Data for review:
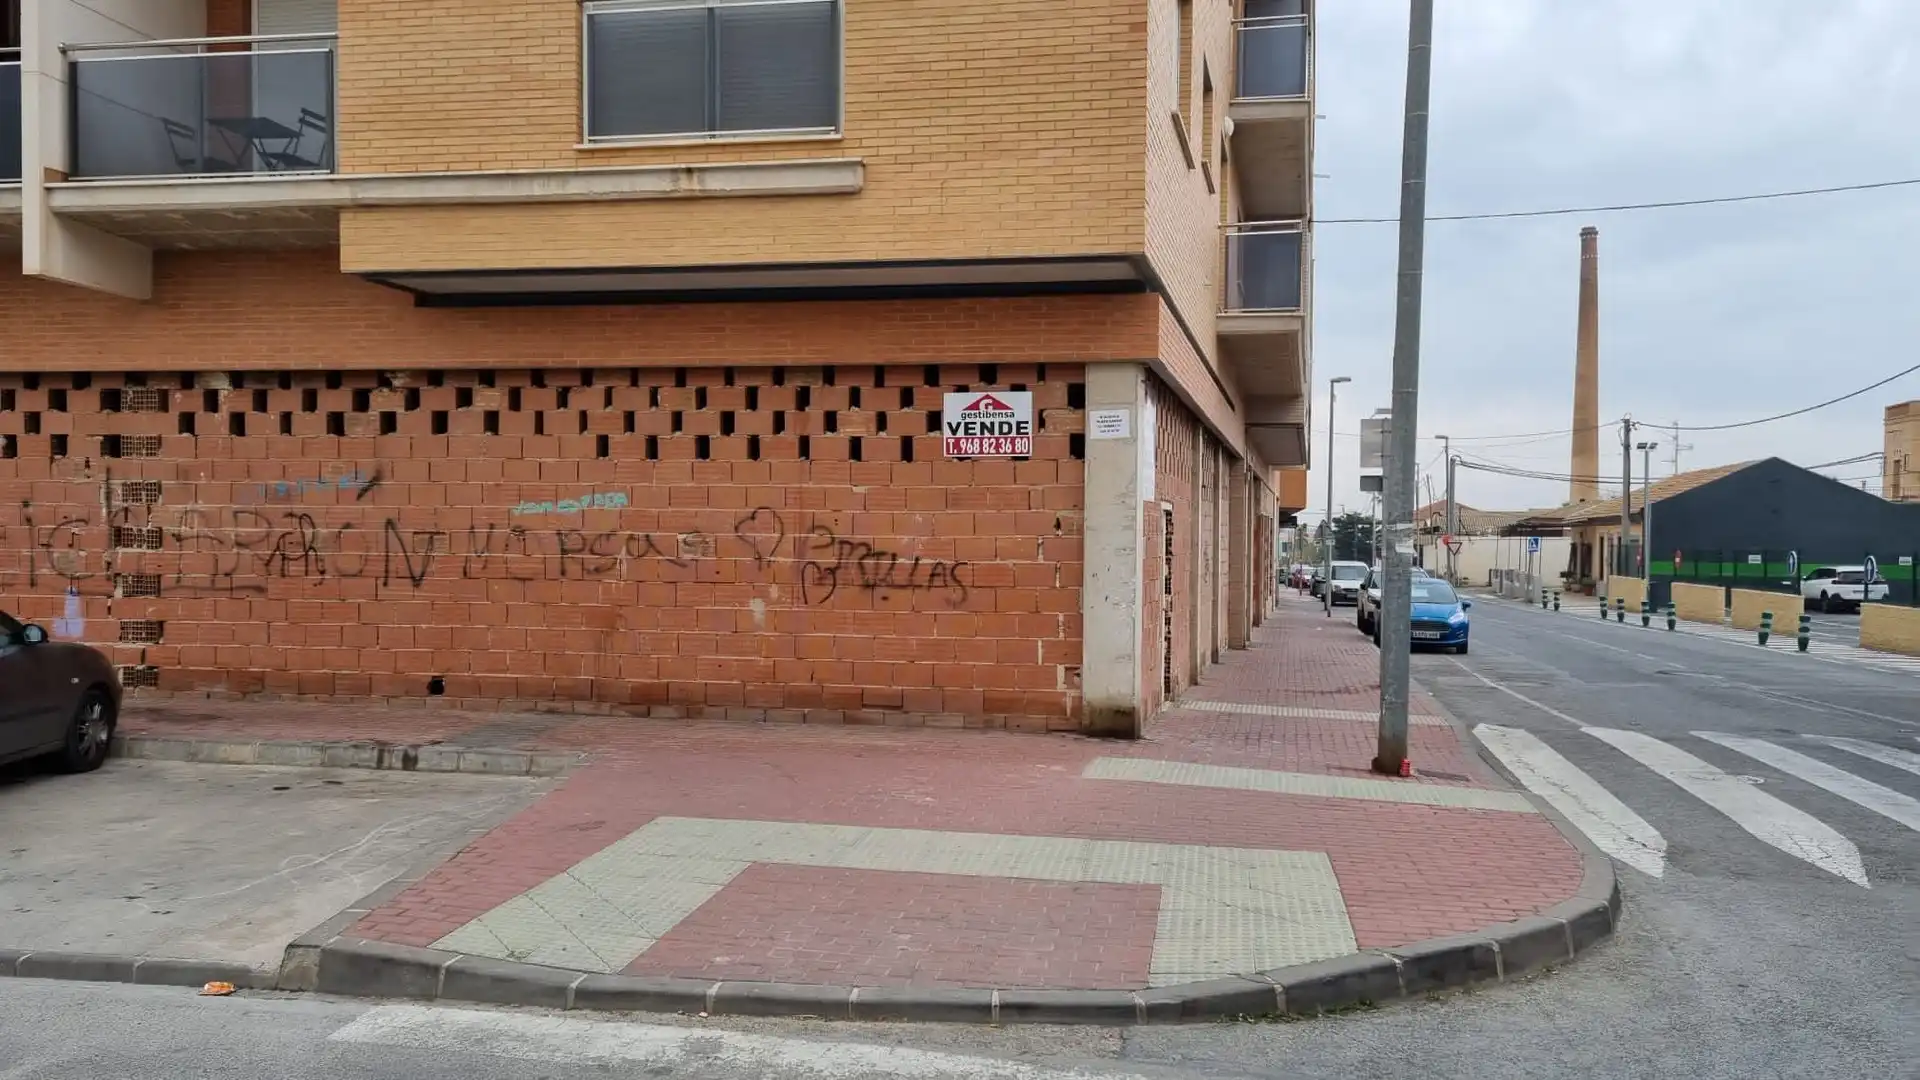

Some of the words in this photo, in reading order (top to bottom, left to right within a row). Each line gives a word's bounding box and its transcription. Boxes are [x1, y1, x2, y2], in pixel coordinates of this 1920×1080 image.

[961, 411, 1015, 420] gestibensa
[947, 421, 1029, 435] VENDE
[947, 438, 957, 453] T.
[960, 438, 980, 453] 968
[982, 438, 996, 453] 82
[999, 438, 1012, 453] 36
[1015, 438, 1029, 453] 80

Exercise brief:
Every line above should be duplicated exactly; the pictures are to be left out.

Output of the exercise:
Some of the words in this photo, in reading order (top to bottom, left to right within a row). Each line gives a word's bounding box and its transcription. Boxes are [x1, y1, x2, y2], in pixel coordinates of this 1920×1080 image.

[961, 411, 1015, 420] gestibensa
[947, 421, 1029, 435] VENDE
[947, 438, 957, 453] T.
[960, 438, 980, 453] 968
[982, 438, 996, 453] 82
[999, 438, 1012, 453] 36
[1015, 438, 1029, 453] 80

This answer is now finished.